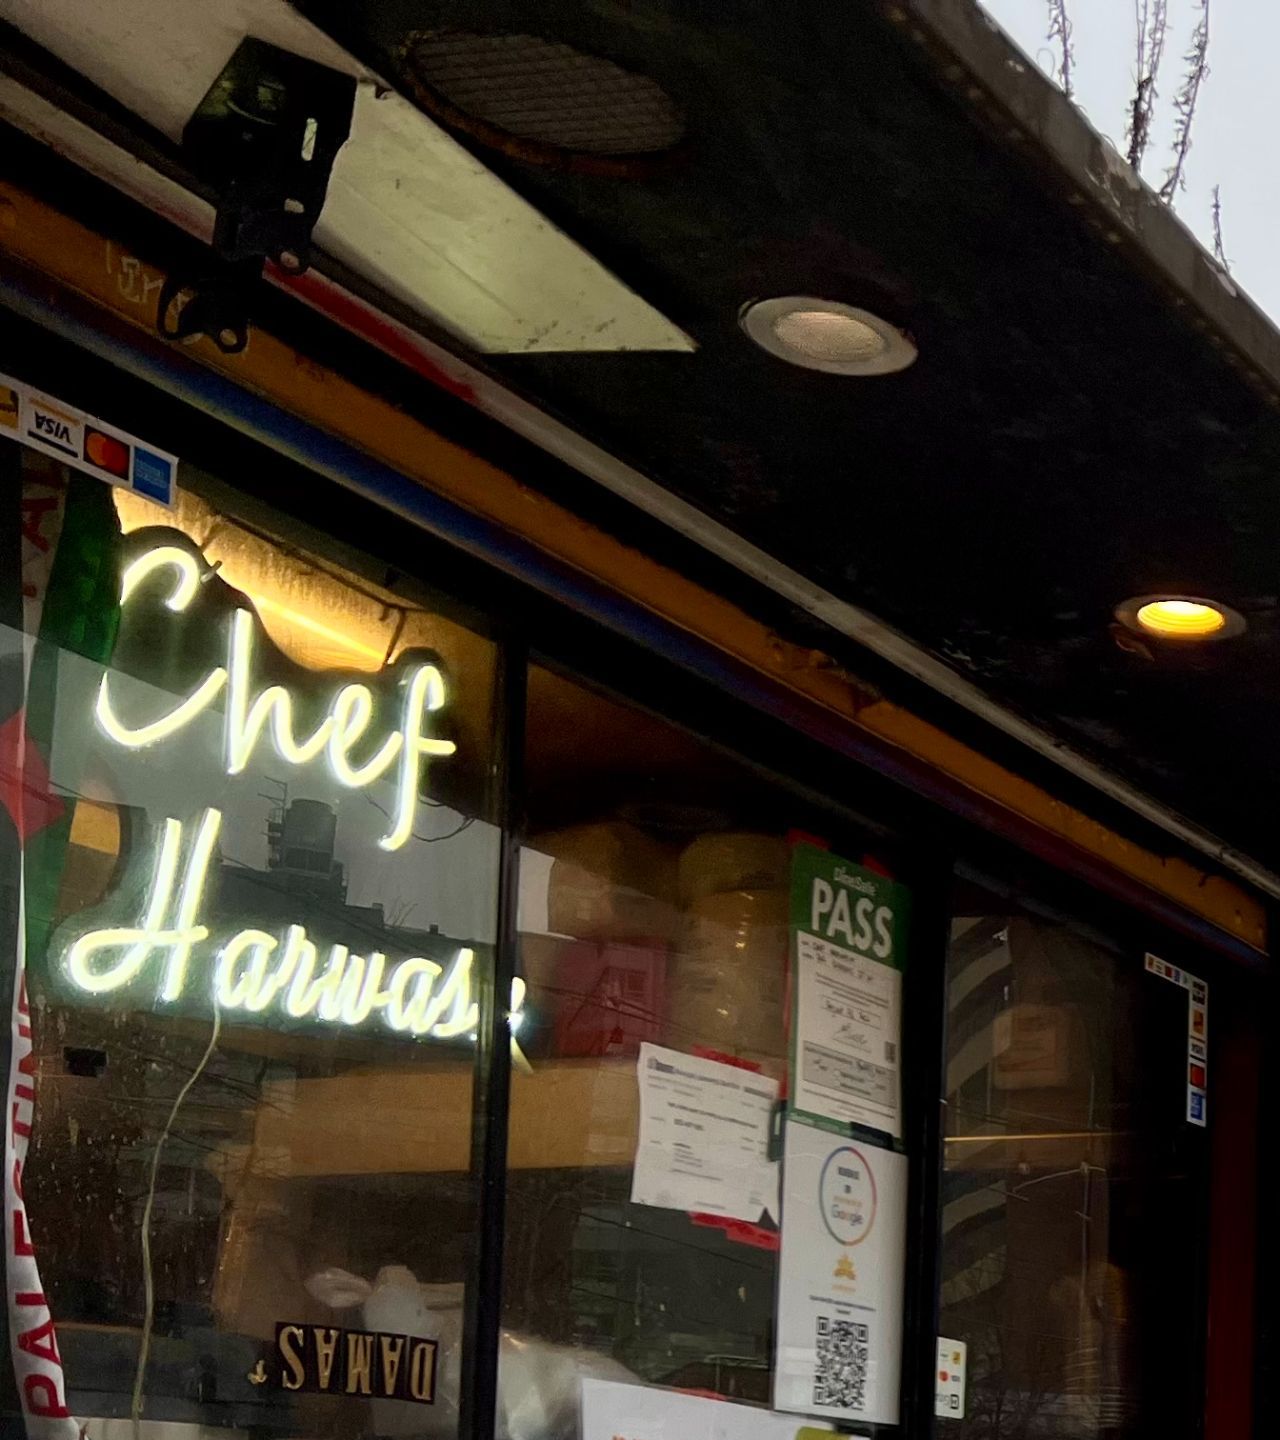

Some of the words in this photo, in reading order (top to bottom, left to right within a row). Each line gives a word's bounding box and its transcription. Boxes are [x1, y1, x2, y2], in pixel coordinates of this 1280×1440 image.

[34, 411, 73, 445] VISA
[97, 545, 456, 852] Chef
[68, 807, 526, 1038] Harwas
[812, 877, 893, 958] PASS

__Your task__
Set the pictures aside and reproduce the data above exactly.

__Result of this task__
Some of the words in this photo, in reading order (top to bottom, left to right within a row). Each line gives a word's bounding box and its transcription. Boxes are [x1, y1, x2, y2], in pixel coordinates of this 1280×1440 image.

[34, 411, 73, 445] VISA
[97, 545, 456, 852] Chef
[68, 807, 526, 1038] Harwas
[812, 877, 893, 958] PASS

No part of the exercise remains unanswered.